§ What to work on: Give the records again word for word. Leave every picture out.

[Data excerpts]
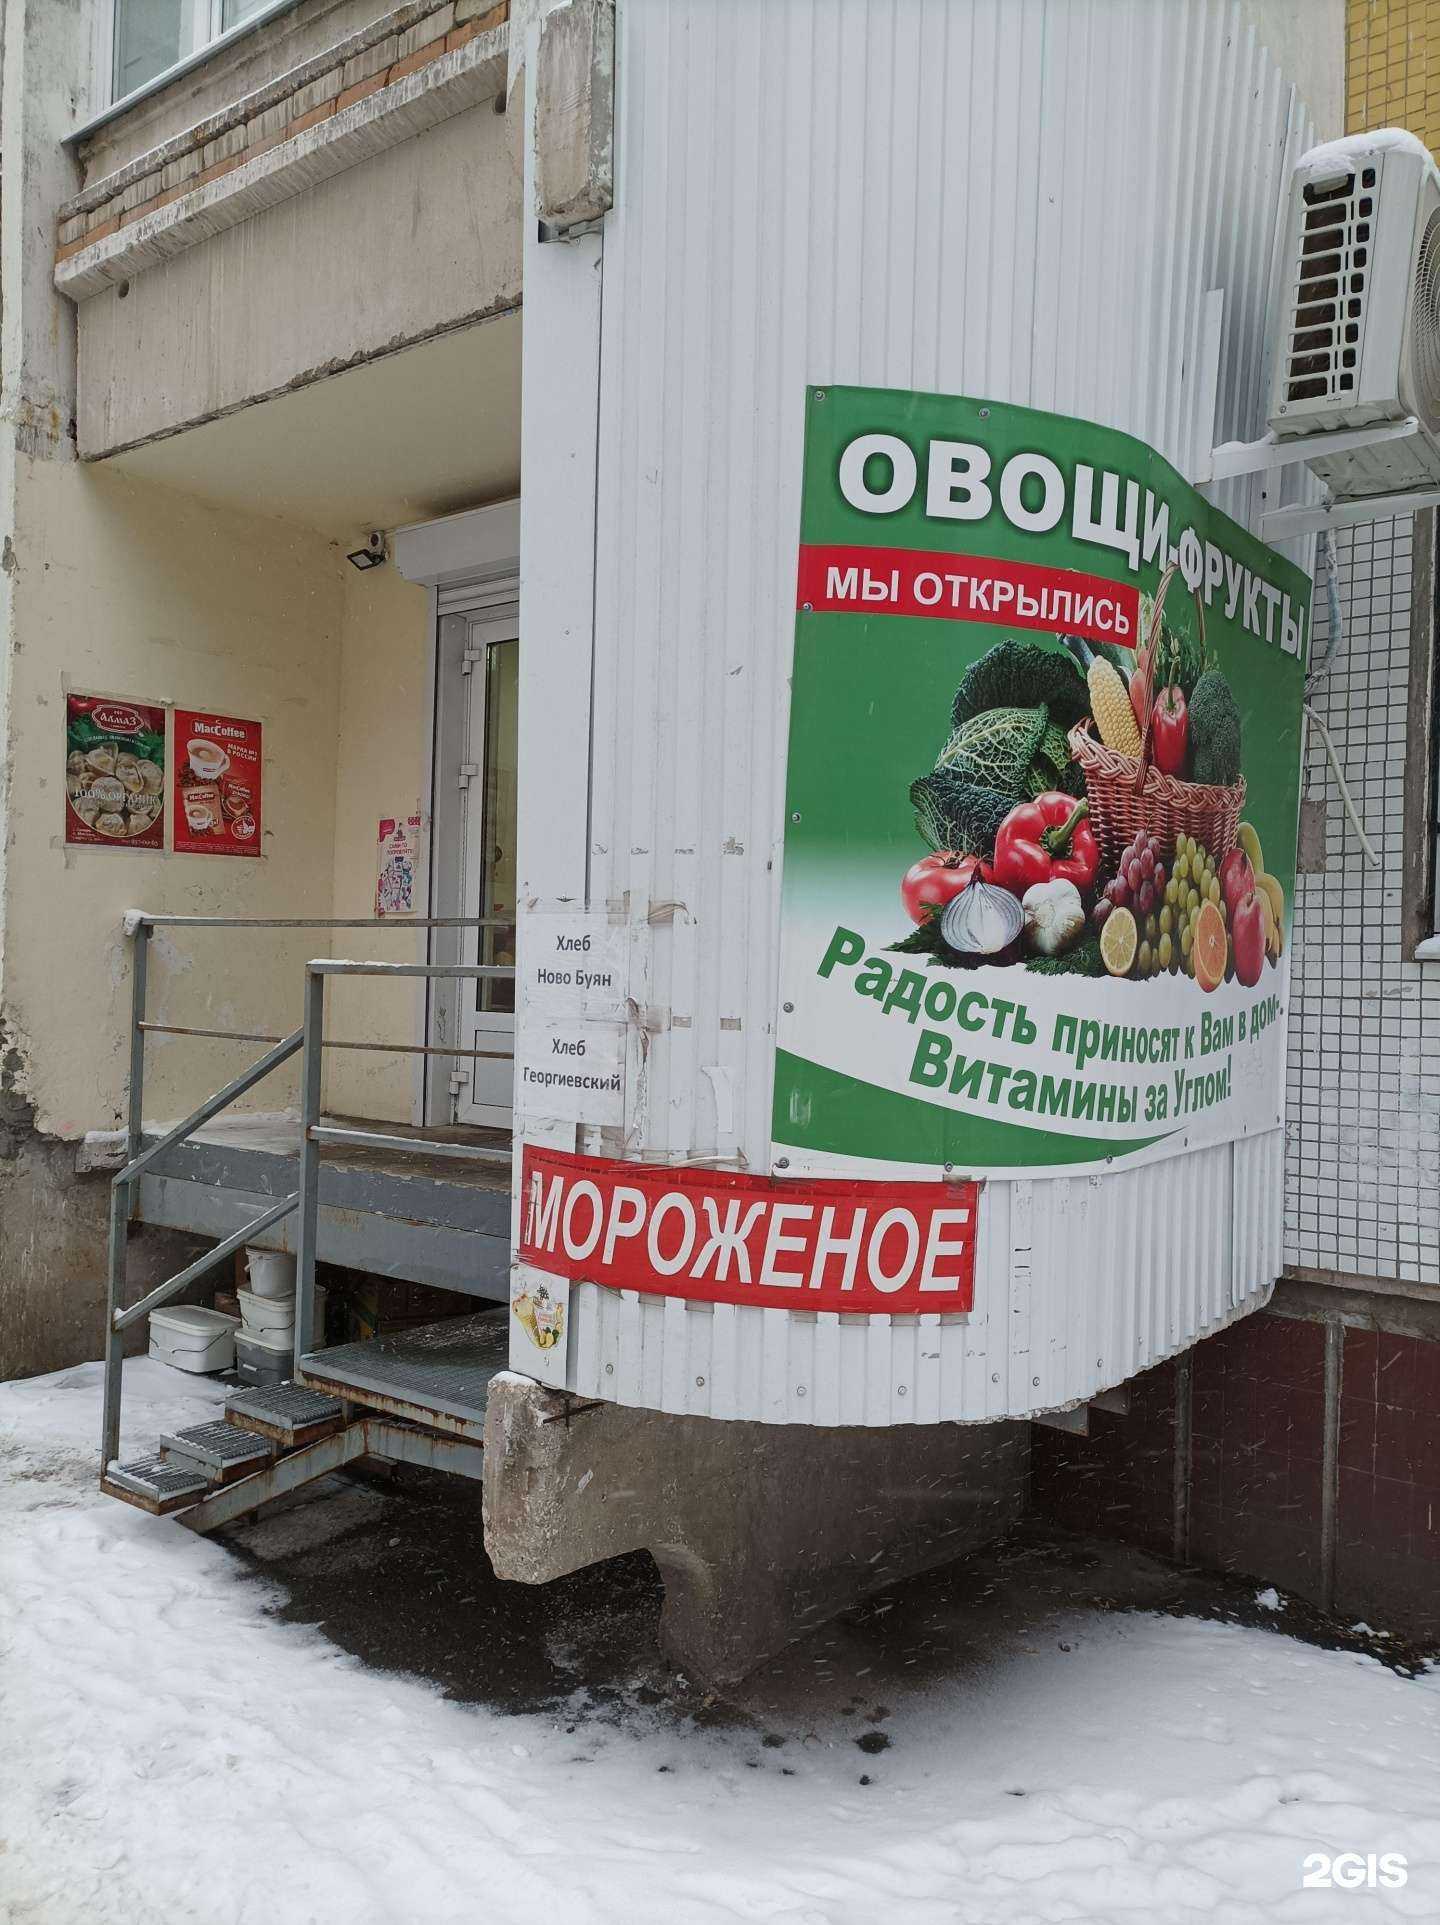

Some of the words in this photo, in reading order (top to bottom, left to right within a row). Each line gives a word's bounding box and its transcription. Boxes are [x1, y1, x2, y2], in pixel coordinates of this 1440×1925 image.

[825, 566, 899, 602] МЫ
[913, 572, 1130, 635] ОТКРЫЛИСЬ
[194, 721, 245, 739] MacCoffee
[556, 934, 591, 952] Хлеб
[537, 968, 571, 985] Ново
[575, 969, 612, 989] Буян
[816, 926, 1038, 1045] Радость
[1051, 1013, 1180, 1070] приносят
[1184, 1025, 1195, 1060] к
[1200, 1010, 1234, 1056] Вам
[1238, 1010, 1246, 1042] в
[552, 1038, 586, 1056] Хлеб
[523, 1066, 621, 1092] Георгиевский
[908, 1028, 1138, 1123] Витамины
[1144, 1083, 1168, 1122] за
[1173, 1053, 1232, 1117] Углом!
[523, 1170, 970, 1293] МОРОЖЕНОЕ
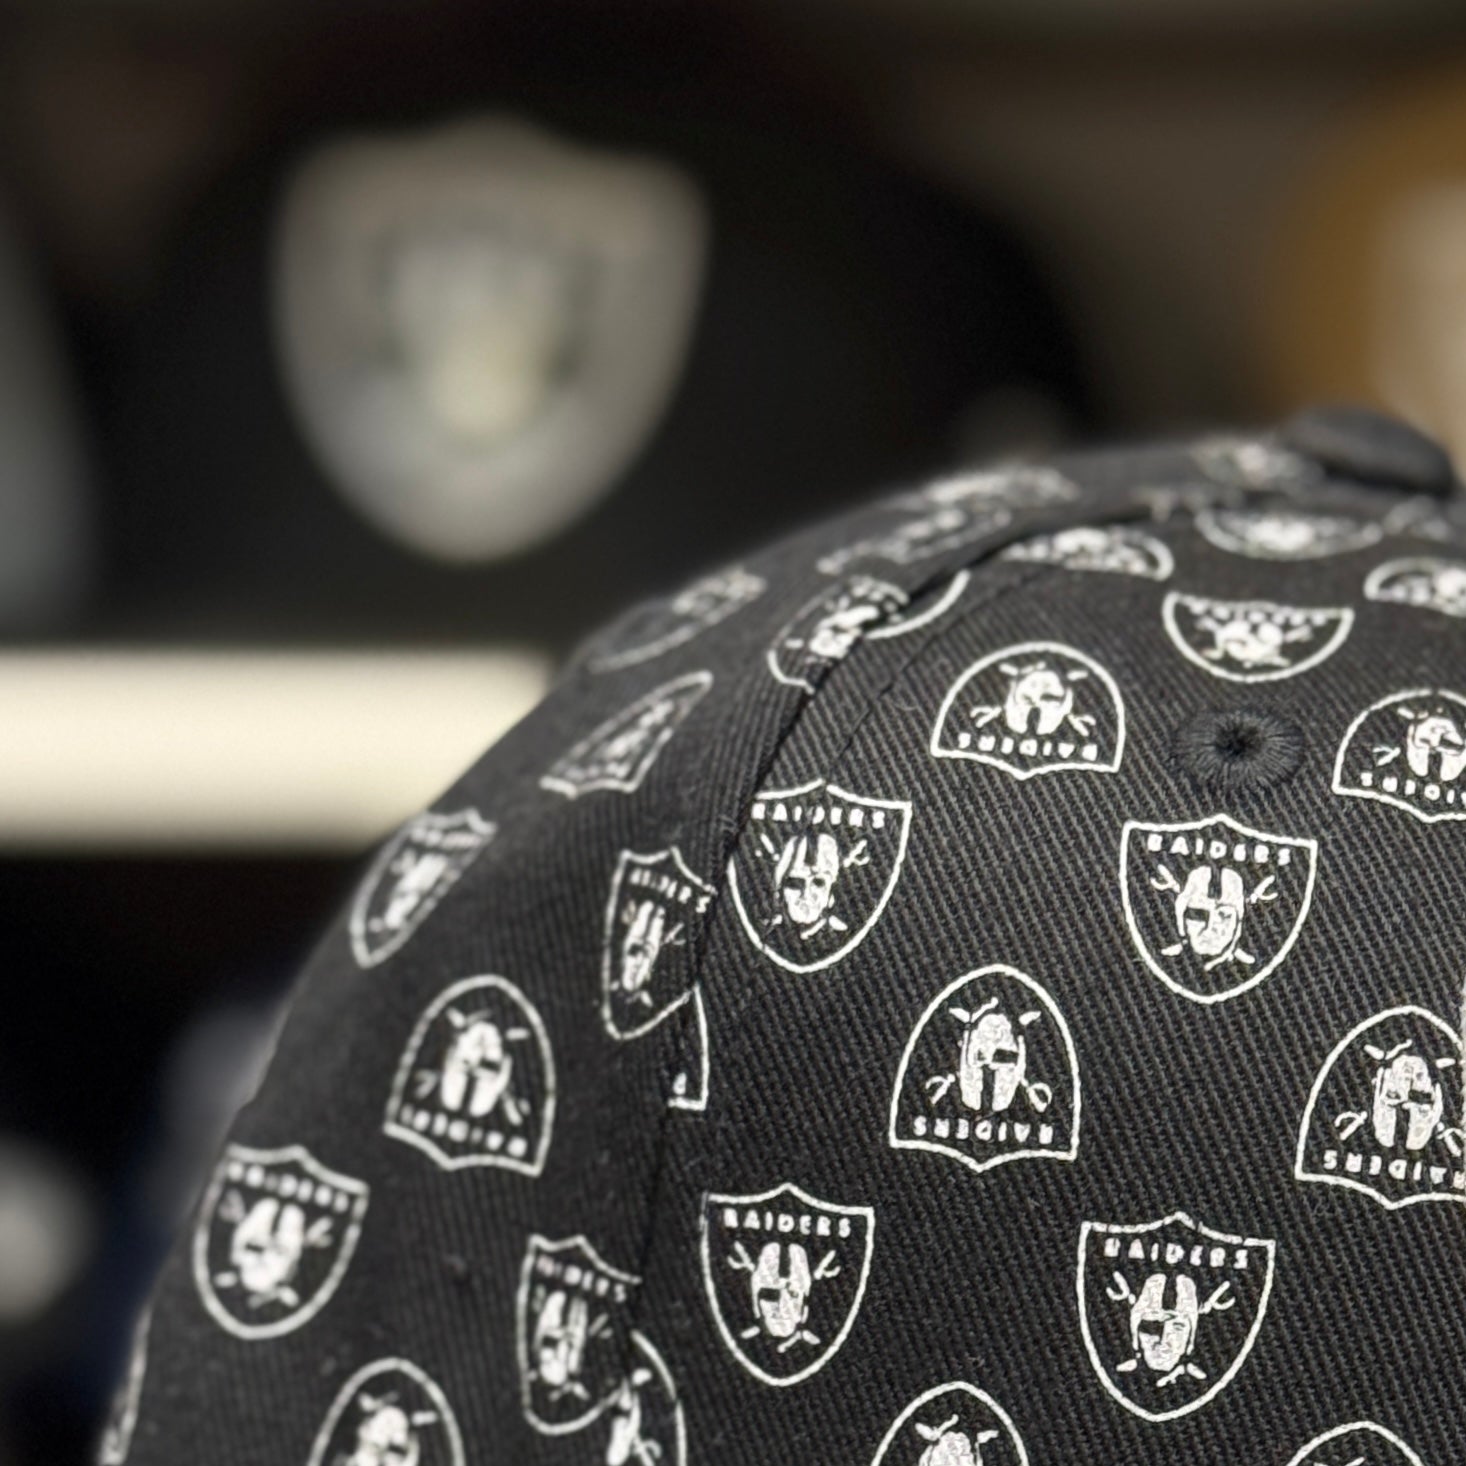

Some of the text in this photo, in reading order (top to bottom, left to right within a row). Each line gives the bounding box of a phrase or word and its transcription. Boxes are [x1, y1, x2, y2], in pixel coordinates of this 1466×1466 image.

§ Reply:
Some of the words in this photo, in reading order (top to bottom, left to right within a row). Each line gives a word's bounding box and its transcription. Boxes are [x1, y1, x2, y2], in pixel coordinates of this 1440×1925 image.

[825, 566, 899, 602] МЫ
[913, 572, 1130, 635] ОТКРЫЛИСЬ
[194, 721, 245, 739] MacCoffee
[556, 934, 591, 952] Хлеб
[537, 968, 571, 985] Ново
[575, 969, 612, 989] Буян
[816, 926, 1038, 1045] Радость
[1051, 1013, 1180, 1070] приносят
[1184, 1025, 1195, 1060] к
[1200, 1010, 1234, 1056] Вам
[1238, 1010, 1246, 1042] в
[552, 1038, 586, 1056] Хлеб
[523, 1066, 621, 1092] Георгиевский
[908, 1028, 1138, 1123] Витамины
[1144, 1083, 1168, 1122] за
[1173, 1053, 1232, 1117] Углом!
[523, 1170, 970, 1293] МОРОЖЕНОЕ

Some of the text in this photo, in reading order (top to bottom, left to right within a row). Each line gives the bounding box of a phrase or word and its transcription. Boxes are [x1, y1, x2, y2], in pixel coordinates of this 1466×1466 image.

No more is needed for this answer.